Bach Music Festival of Canada
First I must tell you about a new summer festival emerging in South Huron, that area situated on Lake Huron which includes several small communities such as Exeter and Zurich. The Bach Music Festival of Canada takes place from July 11 to 17, and is actually an interesting mix of Bach, contemporary and other music, culminating in a performance of Bach’s B Minor Mass with soloists, orchestra and over one hundred singers. At its helm is artistic director Gerald Fagan, known nationally and internationally as a choral conductor and pioneer.
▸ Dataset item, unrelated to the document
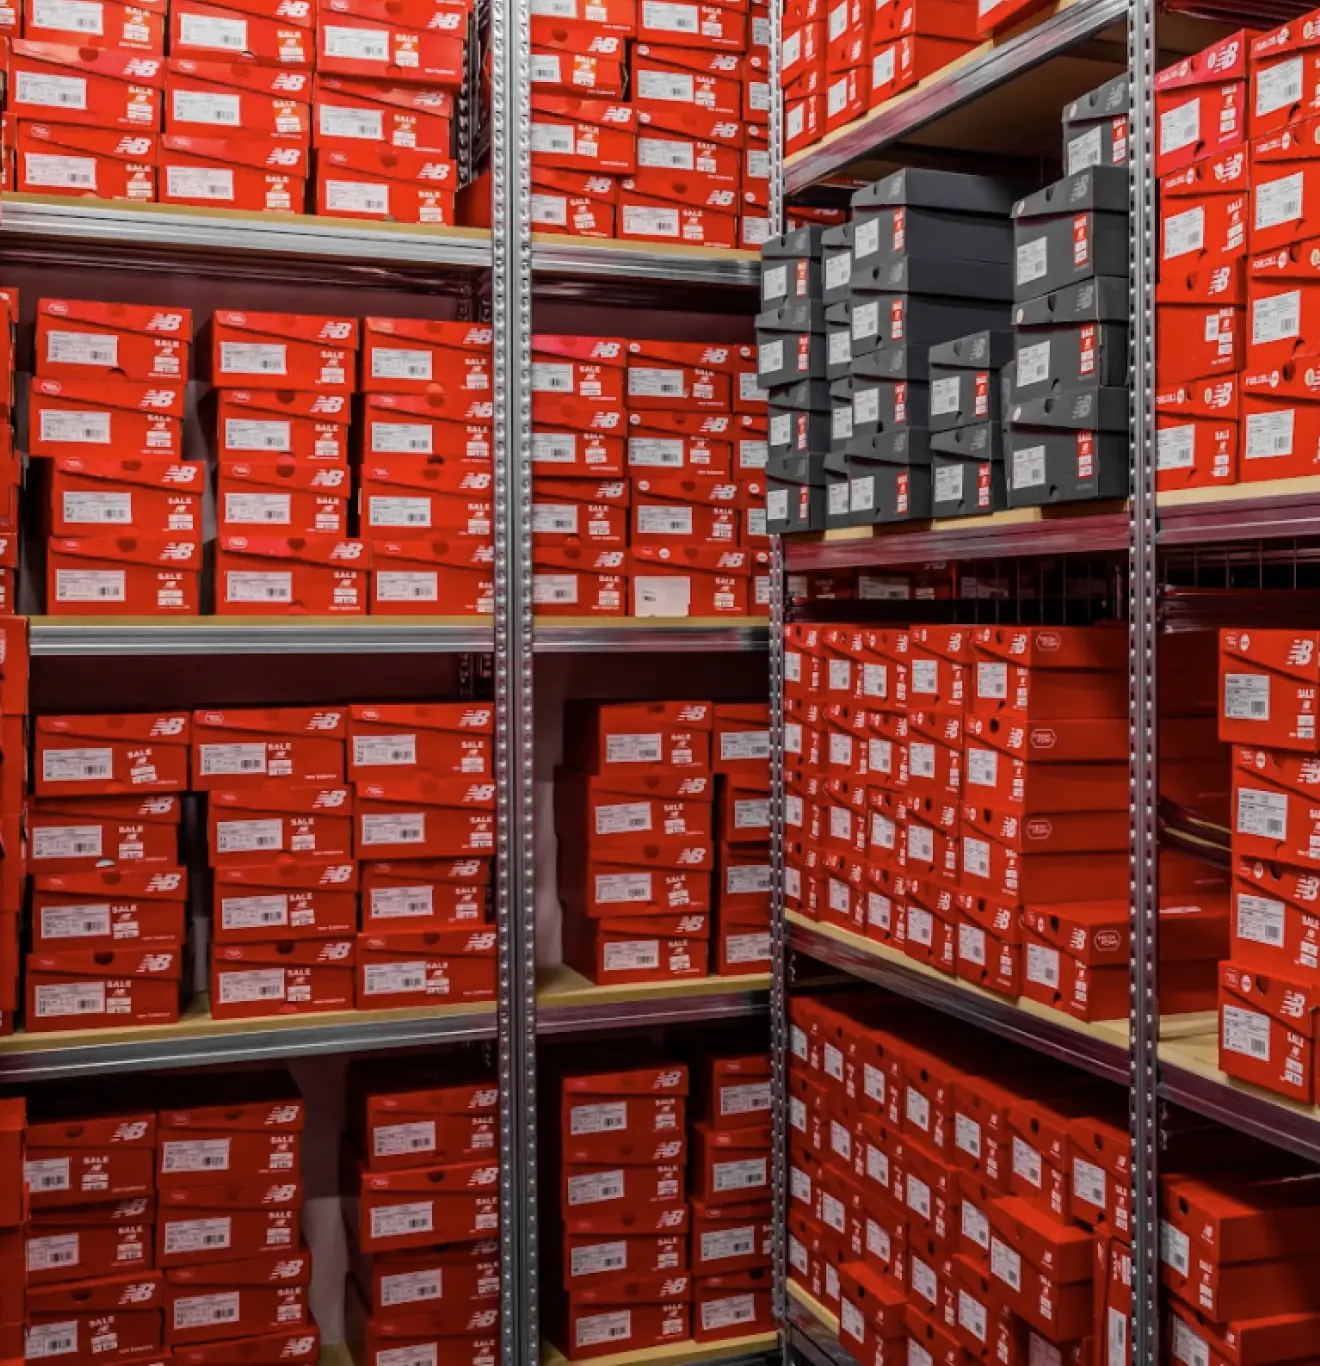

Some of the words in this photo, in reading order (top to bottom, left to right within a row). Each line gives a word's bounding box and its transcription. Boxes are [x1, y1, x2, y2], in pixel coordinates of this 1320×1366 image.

The week is packed with concerts, workshops and master classes. Trio Alla Grande, an extremely musical and sensitive guitar trio, opens the festival with a concert of contemporary and original music, and gives an interactive discussion and workshop. Violinist Lara St. John, known as a passionate exponent of Bach, performs a recital and offers a masterclass. Renowned basso Thomas Paul, now in his 70s, shares his expertise on the singing of Bach arias in intensive workshops, with a resulting concert, “The Art of the Aria.” The Harvestehuder Chamber Choir from Germany performs with London’s Gerald Fagan Singers in a concert of Bach, Canadian and German choral repertoire.
All this, combined with participation of locally-based choristers, make this Festival an ambitious project indeed, and a wonderful gift of music to the area.
Other summer festivals:
At the Ottawa Chamberfest there’s too much to mention here, but they have a website to guide your hunt through medieval, renaissance, baroque and other categories (www.ottawachamberfest.com). I’ll point out just two performances: on July 25, Ensemble Caprice presents “Et In Terra Pax” featuring vocal and instrumental works by Vivaldi and Zelenka; on August 4, “La Poésie noble du violon sous Louis XIV” features Lully, Jacquet de la Guerre, Clérambault and others — all with brilliant performers involved.
July 19 at the Hamilton Organ Festival, you can hear organ music by Bach, Byrd and Buxtehude played by organist Matthew Coons; and during Stratford Summer Music’s “Organ Week,” music by Gibbons, Purcell and Handel will be performed on July 29, and some of the most glorious of Bach’s organ music on July 30, by Robert Quinney from Westminster Abbey. The organ in collaboration is highlighted on July 26 at Parry Sound’s Festival of the Sound: organist William McArton is joined by flutist Suzanne Shulman and trumpeter Guy Few in works by Handel, Viviani and Rameau.
Other early music can be found here too, such as a concert of solo Bach works for flute, cello and keyboard on July 27. This is one of three July concerts I’ve noticed which feature Bach solo cello suites. At Festival of the Sound it’s the first suite, played by cellist Marc Johnson. On July 2, cellist Rachel Mercer will perform suites nos. 2, 3 and 6 in Waterloo — not in a “summer” venue but in the ongoing series of the Kitchener-Waterloo Chamber Music Society. And on July 5 yet another performance, this time at Campbellford’s Westben — Concerts at the Barn, with Brian Manker, principal cellist of the Montreal Symphony Orchestr, playing suites nos. 2, 4, and 6.
At the Elora Festival, on July 16, there’s a most interesting concert of Telemann sacred cantatas — he completed several cycles of these for the church year —performed by tenor Kevin Skelton (more about him in a moment), along with recorder, harpsichord and gamba.
At Stratford Summer Music, there’s a lovely touch of the early, “a delicious combination of musicianship and cuisine,” as lutenist/guitarist Terry McKenna performs short concerts (each showcasing a particular aspect of renaissance/early baroque music) at Rundles Restaurant, every Saturday and Sunday throughout the festival.
Whereas urban-based artists and audiences tend to migrate to out-of-town summer venues, some will also arrive in town from elsewhere. Kevin Skelton, who lives abroad, is a Canadian tenor of great accomplishment as performer, director, founder of several ensembles, contemporary dancer and published scholar who holds degrees in voice, conducting and musicology. In addition to the above-mentioned performance at the Elora Festival on July 16, he’ll be appearing at the Toronto Music Garden on July 17 with other wonderful musicians in a presentation entitled “With Joy and Light Encircled.” And, (too late to make The WholeNote’s print deadline; you’ll find it on the website at “Listings: Just In”), on July 30, Toronto’s Church of St. Mary Magdalene will resound with Gregorian chant as Schola Gregoriana Aurea Luce, a choir of men’s and women’s voices from Venice, Italy, perform.
I’ll leave it to you, the early music seeker, to find out more: The WholeNote’s summer listings, and individual websites, have all the details. The opportunity to design your own summer early music festival awaits!